Do I tell my mom? Divorced parents new relationships.

Ok so a few years ago my dad and mom split up. They’re still legally married but don’t live together anymore and my mom has a boyfriend, who my dad knows about and is comfortable with. My brother loves my mom’s bf and his son, I don’t mind them either. It’s all good. My dad and my mom also get on and are friendly with each other, and negotiate custody well, it’s 50/50. He sees us half the week, my mom the other half. There’s no child maintenance or anything.

Today, whilst he was in the shower, I saw a notification on my dad’s phone.

A message on Facebook.

I swipe on it.

And I’m shocked at what I find.

Messages for months on end two kisses ‘xx’ after every message and much more.

You can tel that they’d met up almost every night and gone places together. He even mentions me and brother, which I’m not too happy about; you’ll see why.

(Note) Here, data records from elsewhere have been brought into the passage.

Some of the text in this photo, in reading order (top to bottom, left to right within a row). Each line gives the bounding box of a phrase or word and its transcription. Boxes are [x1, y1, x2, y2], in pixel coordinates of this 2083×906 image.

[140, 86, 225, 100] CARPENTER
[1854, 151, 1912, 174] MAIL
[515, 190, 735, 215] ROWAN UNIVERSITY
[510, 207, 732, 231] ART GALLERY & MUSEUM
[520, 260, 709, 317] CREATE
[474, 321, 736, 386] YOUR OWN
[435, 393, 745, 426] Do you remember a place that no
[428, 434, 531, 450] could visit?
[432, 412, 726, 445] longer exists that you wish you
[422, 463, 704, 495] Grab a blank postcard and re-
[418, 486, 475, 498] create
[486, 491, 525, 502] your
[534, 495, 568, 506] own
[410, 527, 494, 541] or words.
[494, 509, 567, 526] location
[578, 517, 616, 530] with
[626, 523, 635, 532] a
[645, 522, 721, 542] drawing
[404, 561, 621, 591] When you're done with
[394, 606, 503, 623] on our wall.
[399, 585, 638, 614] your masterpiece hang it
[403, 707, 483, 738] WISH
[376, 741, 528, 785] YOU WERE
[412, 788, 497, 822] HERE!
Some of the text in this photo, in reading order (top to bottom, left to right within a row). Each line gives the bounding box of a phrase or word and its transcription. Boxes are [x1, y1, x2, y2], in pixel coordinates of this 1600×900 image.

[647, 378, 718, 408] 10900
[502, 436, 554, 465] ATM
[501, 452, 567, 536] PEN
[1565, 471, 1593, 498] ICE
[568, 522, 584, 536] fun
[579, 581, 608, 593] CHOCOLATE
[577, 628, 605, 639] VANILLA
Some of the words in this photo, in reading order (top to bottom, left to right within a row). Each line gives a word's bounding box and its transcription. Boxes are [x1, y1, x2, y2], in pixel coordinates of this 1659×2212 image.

I keep reading, there’s some real explicit stuff, messages like ‘I’ll lick you like a lollipop and caress your balls.’ And much worse.

See I wouldn’t care if this was from a woman that I’d never met, seen or heard about before, in fact I’d be happy that he’d met someone because he’s a nice guy.

But it’s my mom’s ex-best friend.

A woman who literally helped her through her divorce and break ups. We’d even been on holiday to Greece with her for a whole week with her daughter.

Her daughter who’s in my class, we used to go round to each others house all the time, we’d look after her and they’d look after me because they’re both busy working women.

There wasn’t really a dramatic event that split them up, they kind of just got put off each other and my mom realised she was a sneaky women who used men just for attention and sex.

This is clearly what she’s doing to my dad, not to be rude but he’s really overweight and smelly. Maybe she’s doing it as revenge to my mom for not sticking with her when she had no friends due to her sly actions.

Not to mention her daughter, who as I said is in my year at school. She bullied my best friend and spread rumours about her and now literally everyone hates her. She’s even blocked me on Instagram when I had nothing to do with it.

Plus she’s one of those basic popular bitches who posts snaps of her self everyday and explicit mirror selfies and flirts with all the boys. I don’t hate many people but I sure hate her.

And she gets it from her mom, which is why my mom doesn’t like her mom - they’re very similar.

This woman is such a sly bitch and she’s so needy after her husband left her even though he pays her tons and tons of child maintenance.

Basically what I want to know is should I tell my mom about it, and if I do, should I show her the explicit messages?

The thing is I don’t want my dad to never trust me again for reading his messages because she will definitely confront him about it.

BUT I think it’s completely inappropriate for him to be fucking his ex-wife’s best friend, and secretly, when my mom tries her absolute best to be respectful with her new bf and honest about him.